Valley Waterways Polluted By Livestock Industry
Virginia’s Shenandoah Valley, while famous for its cultural heritage and natural beauty, also hosts a thriving livestock and poultry industry. The runoff from all this livestock and poultry manure ends up in Shenandoah waters, adding to pollution that threatens to disrupt fishing, swimming, rafting, and other recreational uses that valley residents and visitors have long enjoyed. Most of the manure from the 159 million chickens, 16 million turkeys and 528,000 cows raised annually in the valley’s Shenandoah, Augusta, Page, and Rockingham counties is spread on surrounding farmland as fertilizer, but contains far more phosphorus than crops need for growth. The excess manure leaks pollutants into groundwater and is often washed by rain into surrounding streams.
Well more than half of water quality monitoring sites in Virginia’s scenic Shenandoah Valley had levels of fecal bacteria in 2021 and 2022 that were so high that EPA would consider them unsafe for swimming. So far in 2023, those numbers have dropped, in part because 2023 has seen less rainfall. Rain flushes fertilizer and manure off of farm fields and into streams and river, and years with less rainfall also have less runoff pollution in waterways.
According to water quality monitoring data from the Virginia Department of Environmental Quality, 60 percent (or 29 of 48) of monitoring sites along the Shenandoah Valley and its tributaries had levels of E. coli, a bacteria found in the gut of warm-blooded animals, in 2021 above EPA’s recommendations for swimming. Data from 2022 showed a similar trend – 81 percent (or 46 of 57) of monitoring sites had levels of E. coli above EPA’s recommendations for swimming.
Preliminary data from 2023, which includes water quality monitoring data from January through August, shows that 40 percent (or 21 of 52) of monitoring sites had levels of E. coli above EPA’s recommendations for swimming. The percentage of sites with unhealthy bacteria levels was the lowest in the last eight years, in part because the amount of rainfall this year was also the lowest over that period. The 20 inches of rain recorded in Harrisonburg, in the heart of the Shenandoah Valley, from January through August, was a third less than the average of 30 inches.
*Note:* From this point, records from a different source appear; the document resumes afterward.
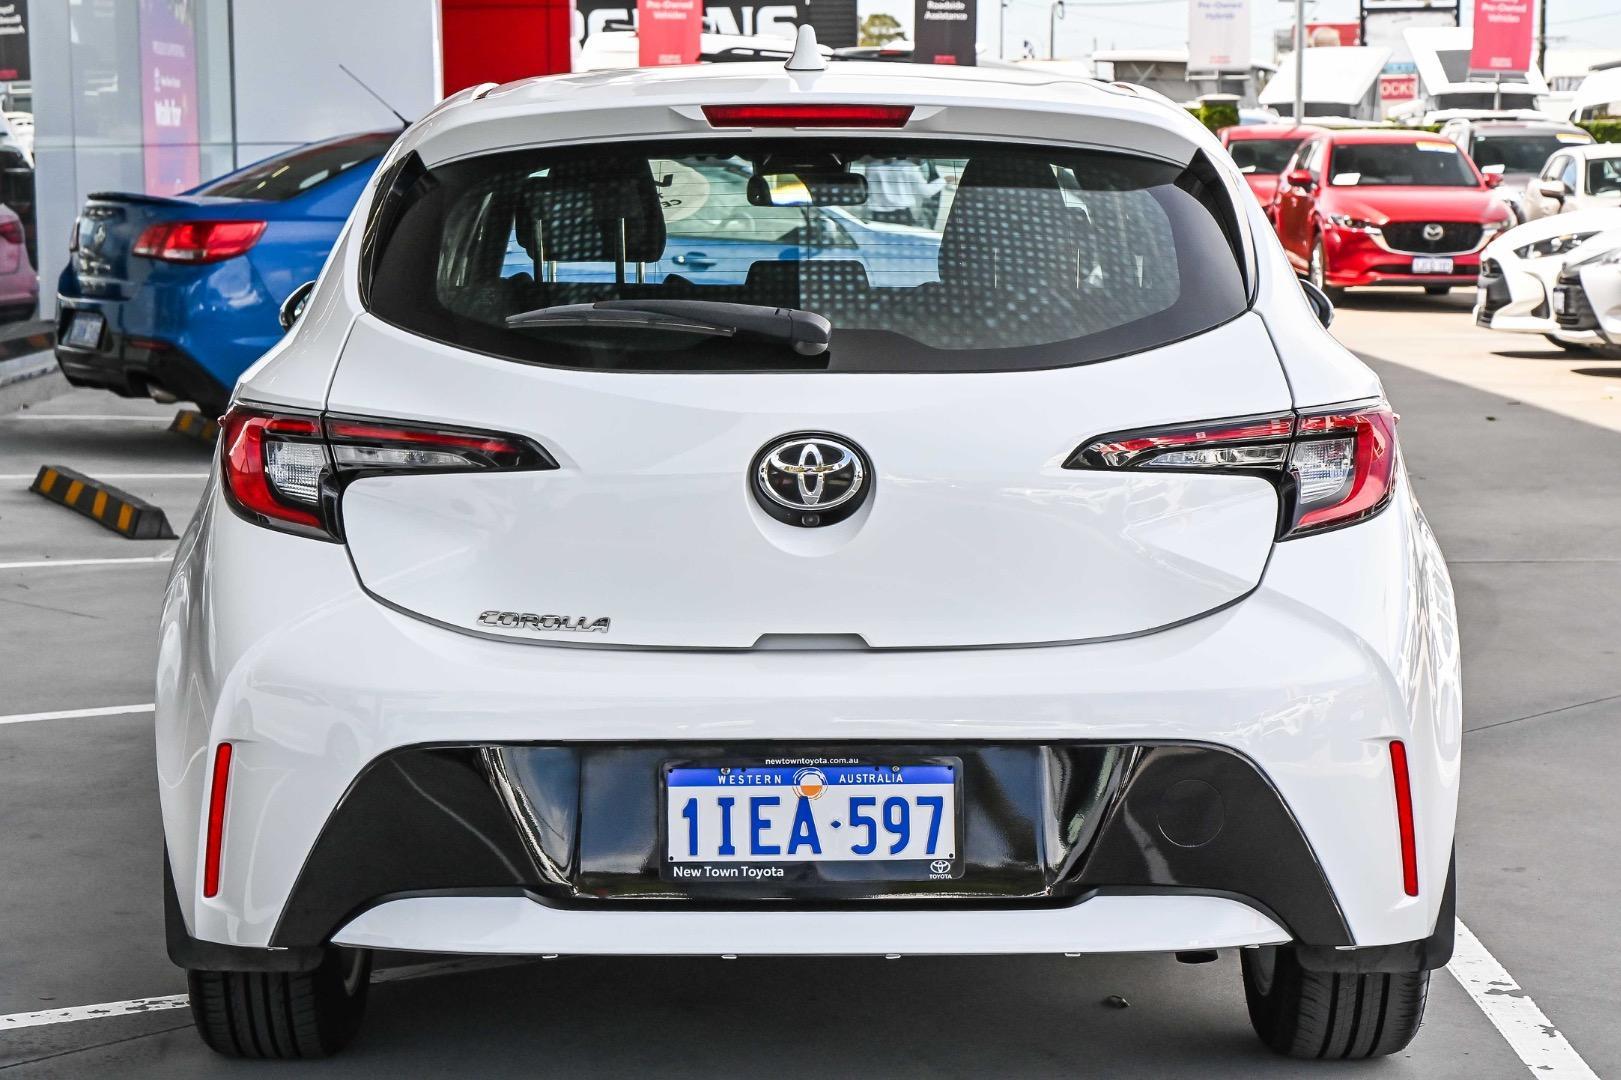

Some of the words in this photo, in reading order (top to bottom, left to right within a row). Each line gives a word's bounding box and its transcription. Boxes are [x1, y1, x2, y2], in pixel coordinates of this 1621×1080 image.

[926, 1, 966, 10] Roadside
[924, 10, 968, 20] Assistance
[477, 610, 611, 633] COROLLA
[765, 757, 859, 766] newtowntoyota.com.au
[718, 775, 782, 785] WESTERN
[839, 773, 904, 784] AUSTRALIA
[673, 866, 702, 877] New
[704, 866, 739, 877] Town
[741, 866, 785, 879] Toyota
The number of sites sampled for bacteria by Virginia is also declining, with an annual average of 70 places on waterways in the Shenandoah Valley sampled by the state between 2015 and 2018, but only 35 in 2019, 25 in 2020, 48 in 2021, and 52 so far in 2023.
In April 2019, EIP and the Shenandoah Riverkeeper released a study of aerial photographs of the livestock industry in the Shenandoah Valley that showed that 81 percent of farms in the state’s two largest farming counties—Augusta and Rockingham—failed to fence their cattle out of streams. An examination of 1,676 Google Earth images of livestock farms with rivers or streams found that only 19 percent of them (321 out of 835) had fenced their cattle out the waterways. The rest had not fenced their cattle out of all waterways on their properties, allowing the animals to deposit fecal bacteria, as well as nitrogen and phosphorus pollution, into them.
Bacteria Levels and Swimming Safety in Shenandoah Waterways
Shenandoah Bacteria Map
The interactive map below shows where the Virginia Department of Environmental Quality’s water monitoring found E. coli concentrations higher than the Environmental Protection Agency’s Beach Action Value of 235 counts per 100 mL of water in 2023 as of September 18, 2023. EPA recommends warning swimmers about potential health risks when E. coli concentrations exceed this threshold. (Click the “layers” button to view sampling results from previous years). The map also shows where in 2020 VDEQ listed waterways as impaired due to high bacteria levels and identifies those that still need clean-up plans (TMDLs) to reduce bacteria levels.
EIP has recommended that Virginia take several steps to reduce agricultural pollution in the Shenandoah, including:
- establishing a better system for collecting and disposing of surplus livestock manure;
- requiring fertilizer management plans for all farms that spread manure;
- increasing inspections and enforcement;
- requiring all farmers to fence their cattle out of public waterways;
- and requiring state notifications about when water is unsafe for swimming.